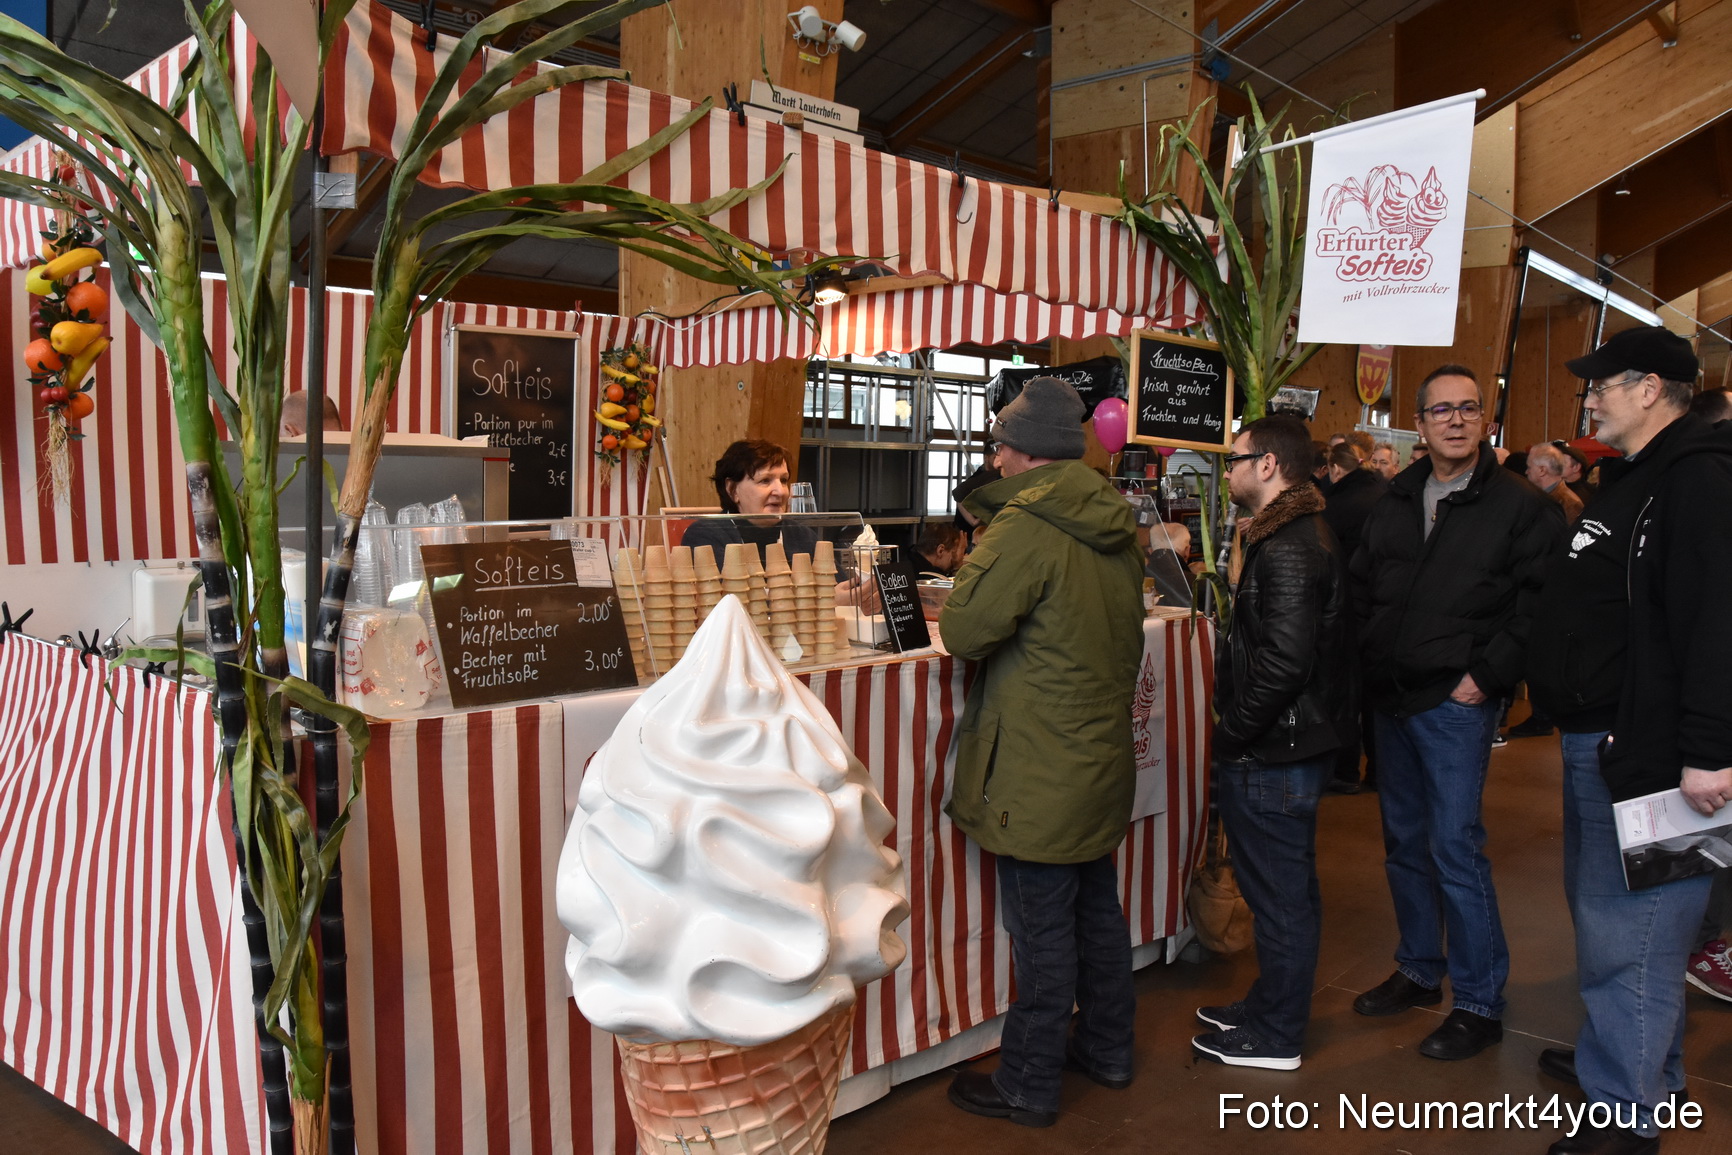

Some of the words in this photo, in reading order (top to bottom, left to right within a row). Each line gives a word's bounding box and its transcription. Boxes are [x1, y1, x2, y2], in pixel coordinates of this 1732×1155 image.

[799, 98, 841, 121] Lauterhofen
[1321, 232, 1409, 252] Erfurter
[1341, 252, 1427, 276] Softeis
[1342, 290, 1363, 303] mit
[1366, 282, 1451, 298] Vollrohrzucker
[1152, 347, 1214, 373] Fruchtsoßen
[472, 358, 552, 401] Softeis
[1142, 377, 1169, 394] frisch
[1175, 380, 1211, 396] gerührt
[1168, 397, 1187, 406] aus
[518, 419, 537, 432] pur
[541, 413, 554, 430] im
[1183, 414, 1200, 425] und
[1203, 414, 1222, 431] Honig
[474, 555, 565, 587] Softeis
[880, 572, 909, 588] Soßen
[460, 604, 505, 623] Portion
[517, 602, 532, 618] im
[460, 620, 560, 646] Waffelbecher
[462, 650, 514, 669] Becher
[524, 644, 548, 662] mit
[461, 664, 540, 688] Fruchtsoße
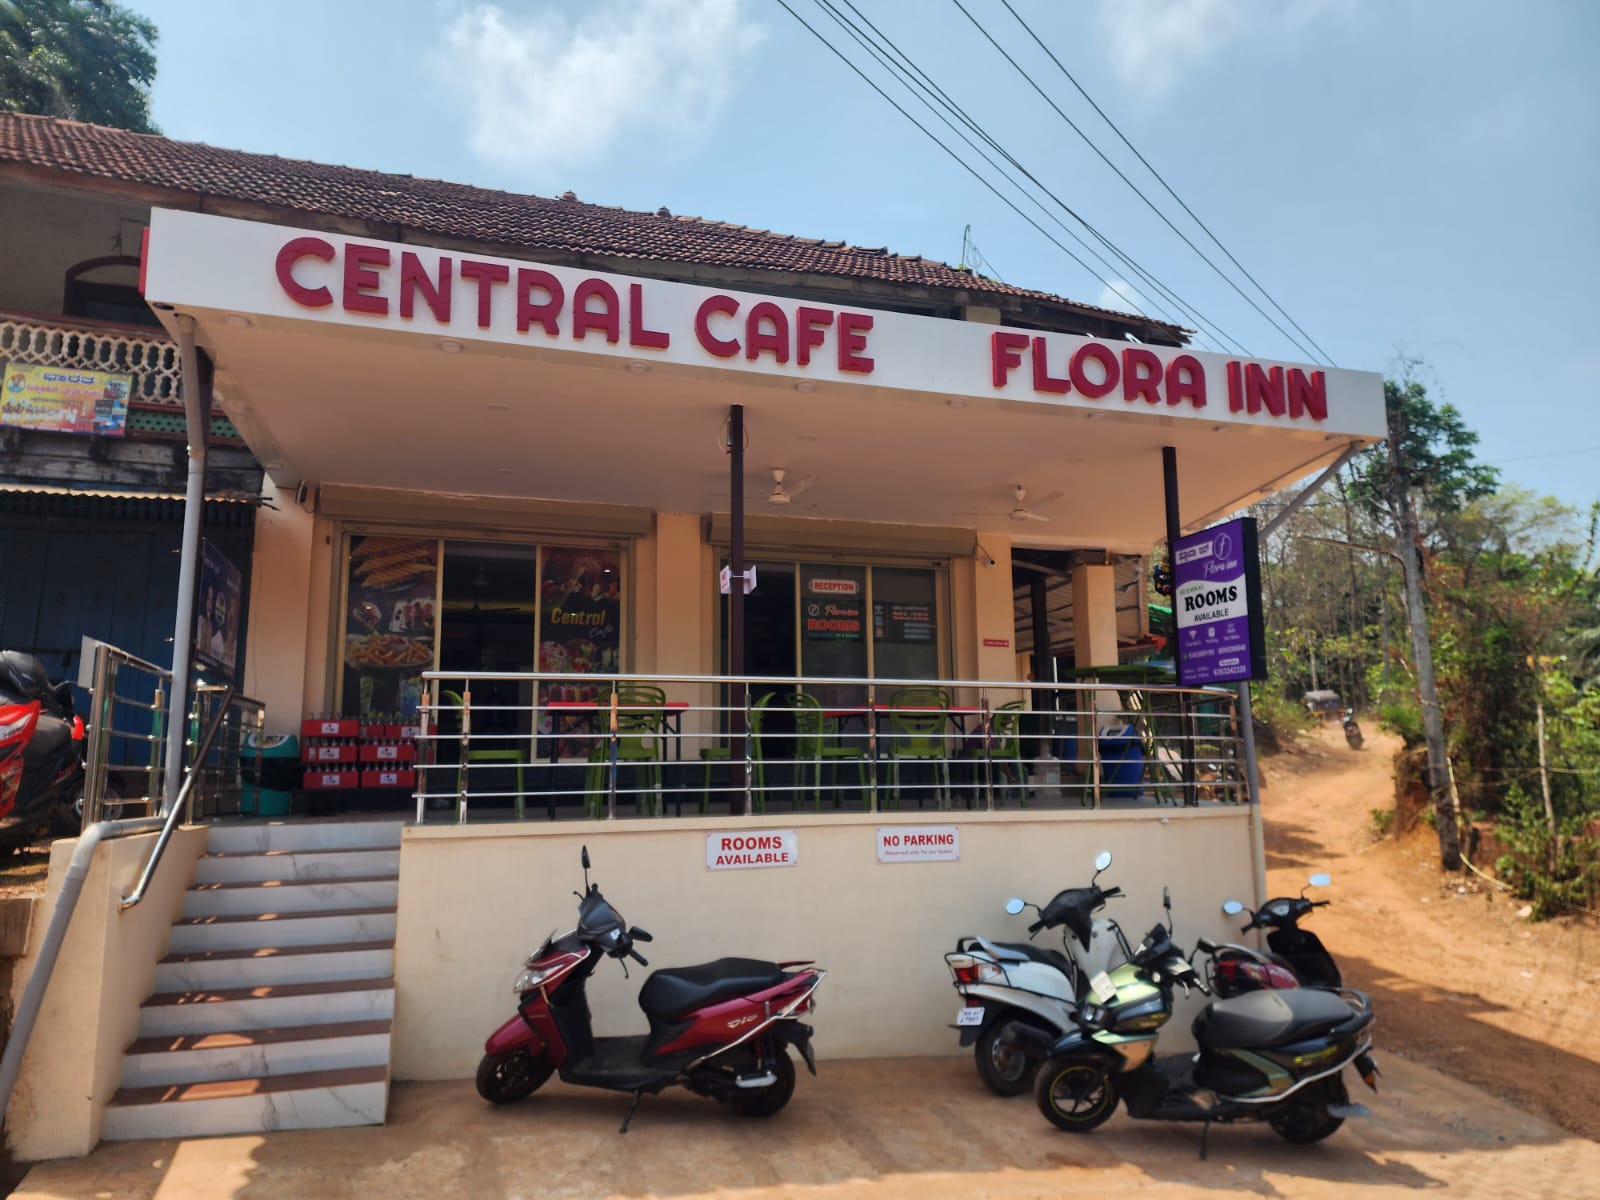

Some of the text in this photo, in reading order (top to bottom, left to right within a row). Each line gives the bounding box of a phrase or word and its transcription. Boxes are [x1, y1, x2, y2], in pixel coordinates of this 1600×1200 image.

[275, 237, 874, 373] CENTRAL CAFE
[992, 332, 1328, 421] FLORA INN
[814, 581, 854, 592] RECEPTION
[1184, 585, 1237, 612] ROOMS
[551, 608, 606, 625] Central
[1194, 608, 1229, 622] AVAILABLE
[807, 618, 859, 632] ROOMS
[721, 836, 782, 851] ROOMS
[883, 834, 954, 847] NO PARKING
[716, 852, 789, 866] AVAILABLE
-------
About this exercise –
Give back each line above verbatim, dropping every picture.

Task output –
Some of the words in this photo, in reading order (top to bottom, left to right within a row). Each line gives a word's bounding box and its transcription. Boxes are [x1, y1, x2, y2], in pixel coordinates of this 1732×1155 image.

[799, 98, 841, 121] Lauterhofen
[1321, 232, 1409, 252] Erfurter
[1341, 252, 1427, 276] Softeis
[1342, 290, 1363, 303] mit
[1366, 282, 1451, 298] Vollrohrzucker
[1152, 347, 1214, 373] Fruchtsoßen
[472, 358, 552, 401] Softeis
[1142, 377, 1169, 394] frisch
[1175, 380, 1211, 396] gerührt
[1168, 397, 1187, 406] aus
[518, 419, 537, 432] pur
[541, 413, 554, 430] im
[1183, 414, 1200, 425] und
[1203, 414, 1222, 431] Honig
[474, 555, 565, 587] Softeis
[880, 572, 909, 588] Soßen
[460, 604, 505, 623] Portion
[517, 602, 532, 618] im
[460, 620, 560, 646] Waffelbecher
[462, 650, 514, 669] Becher
[524, 644, 548, 662] mit
[461, 664, 540, 688] Fruchtsoße

Some of the text in this photo, in reading order (top to bottom, left to right within a row). Each line gives the bounding box of a phrase or word and its transcription. Boxes are [x1, y1, x2, y2], in pixel coordinates of this 1600×1200 image.

[275, 237, 874, 373] CENTRAL CAFE
[992, 332, 1328, 421] FLORA INN
[814, 581, 854, 592] RECEPTION
[1184, 585, 1237, 612] ROOMS
[551, 608, 606, 625] Central
[1194, 608, 1229, 622] AVAILABLE
[807, 618, 859, 632] ROOMS
[721, 836, 782, 851] ROOMS
[883, 834, 954, 847] NO PARKING
[716, 852, 789, 866] AVAILABLE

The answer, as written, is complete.